The sparc64 port is printing messages like

  pool_redzone_check: 0x125760c20: 0x00 != 0x66

during the set extraction phase of the install.  On the TNF testbed,
they appeared some time between source dates 2019.11.16.04.10.33 and
2019.11.28.14.21.25, but were only warnings until they were changed
into a panic in

  2019.12.27.15.49.20 maxv src/sys/kern/subr_pool.c 1.264

Log output from the latest such panic is at

  http://releng.netbsd.org/b5reports/sparc64/2019/2019.12.29.09.17.51/install.log

>How-To-Repeat:

Using versions of qemu and glib2 that don't suffer from PR 54310, e.g.,
qemu-4.1.0nb2 with glib2-2.60.6.

>Fix:

>Release-Note:

>Audit-Trail:
From: Harold Gutch <logix@foobar.franken.de>
To: gnats-bugs@NetBSD.org
Cc: 
Subject: Re: port-sparc64/54810: sparc64 pool_redzone_check errors during install
Date: Sat, 24 Oct 2020 09:57:41 +0200

 --hxkXGo8AKqTJ+9QI
 Content-Type: text/plain; charset=us-ascii
 Content-Disposition: inline

 Hi,

 can you try this diff?  NTFS got added implicitly when all file
 systems were moved from GENERIC to conf/filesystems.conf in r1.216,
 and that is when for me these messages started to show up.

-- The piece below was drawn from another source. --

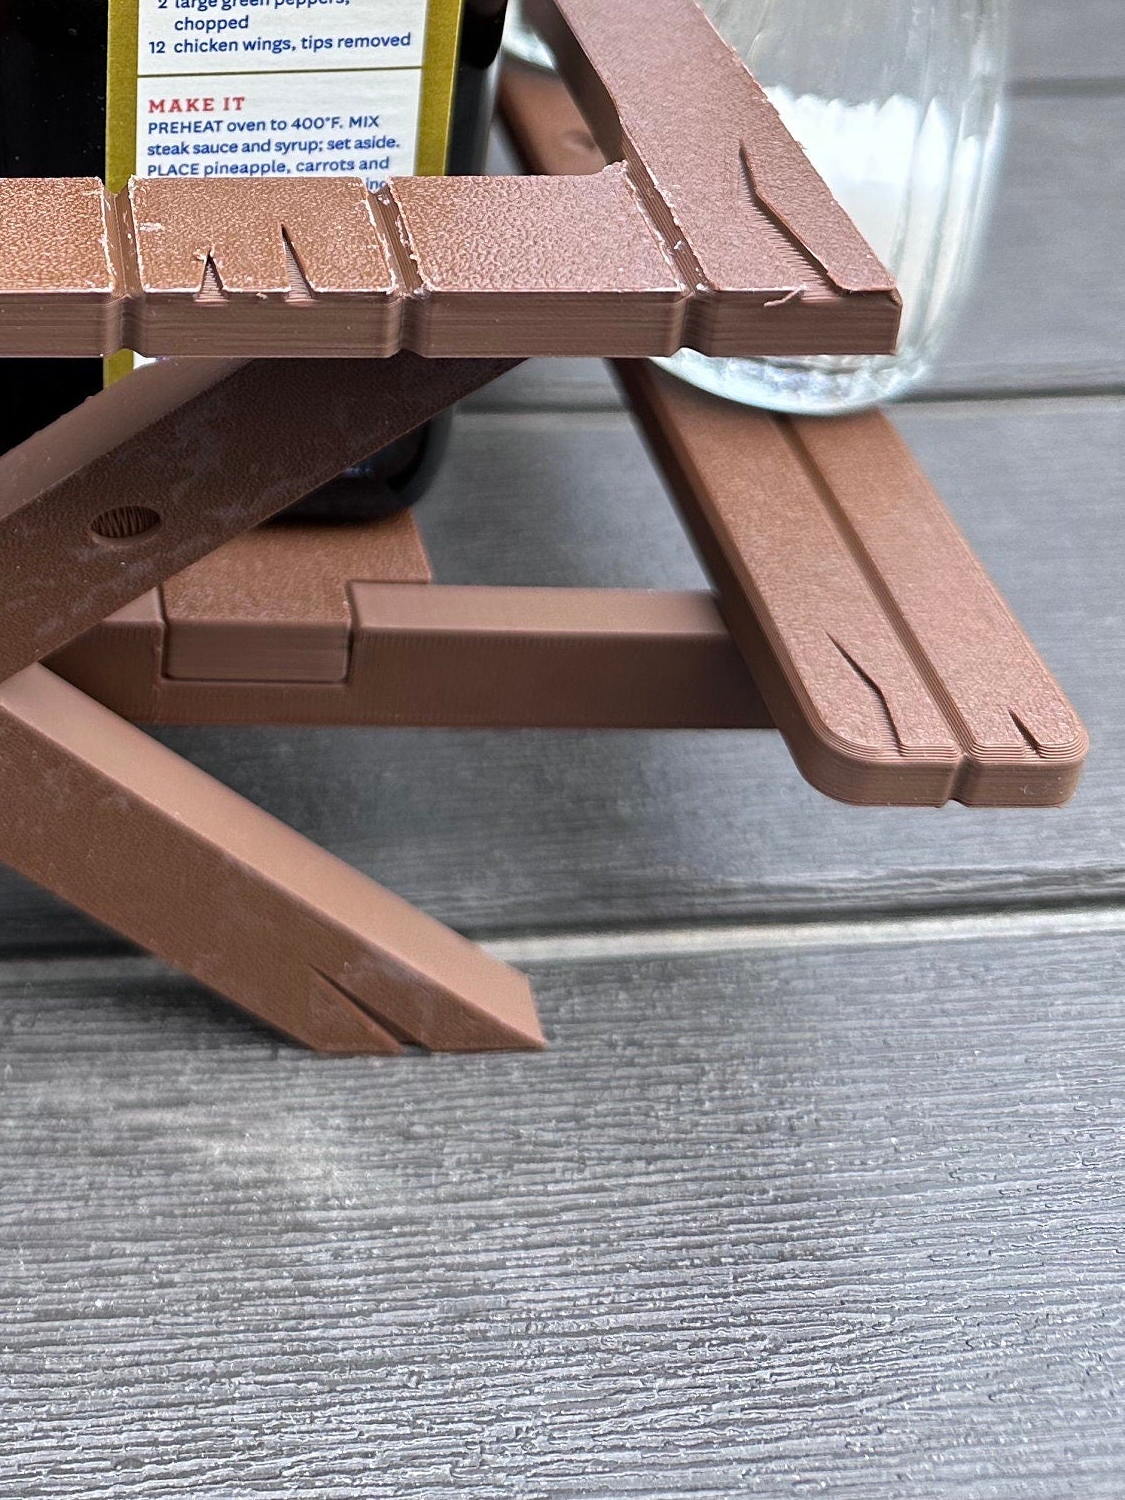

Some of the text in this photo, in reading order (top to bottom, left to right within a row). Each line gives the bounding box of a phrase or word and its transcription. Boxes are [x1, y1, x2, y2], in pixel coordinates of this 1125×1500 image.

 I just went through 3 rounds of installing sparc64 with my change in
 Qemu (albeit with a source tree from a few months ago) without any
 issues.  After going back to the vanilla GENERIC, I got the panic
 again when extracting base.

 In the long run it would of course still be nice if the actual issue
 in NTFS could be fixed, but either way, I don't see it being of much
 use in sparc64 GENERIC, so IMHO it might as well just be disabled
 there.


   Harold

 --hxkXGo8AKqTJ+9QI
 Content-Type: text/plain; charset=us-ascii
 Content-Disposition: attachment; filename=diff

 --- src/sys/arch/sparc64/conf/GENERIC.orig	2020-09-27 15:48:54.000000000 +0200
 +++ src/sys/arch/sparc64/conf/GENERIC	2020-10-23 23:43:34.907070000 +0200
 @@ -148,6 +148,7 @@

  ## File systems.
  include "conf/filesystems.config"
 +no file-system NTFS

  ## File system options.
  options 	NFSSERVER	# Sun NFS-compatible filesystem server

 --hxkXGo8AKqTJ+9QI--

From: Andreas Gustafsson <gson@gson.org>
To: Harold Gutch <logix@foobar.franken.de>
Cc: gnats-bugs@netbsd.org
Subject: Re: port-sparc64/54810: sparc64 pool_redzone_check errors during install
Date: Sat, 24 Oct 2020 15:31:01 +0300

 Harold Gutch wrote:
 >  can you try this diff?  NTFS got added implicitly when all file
 >  systems were moved from GENERIC to conf/filesystems.conf in r1.216,
 >  and that is when for me these messages started to show up.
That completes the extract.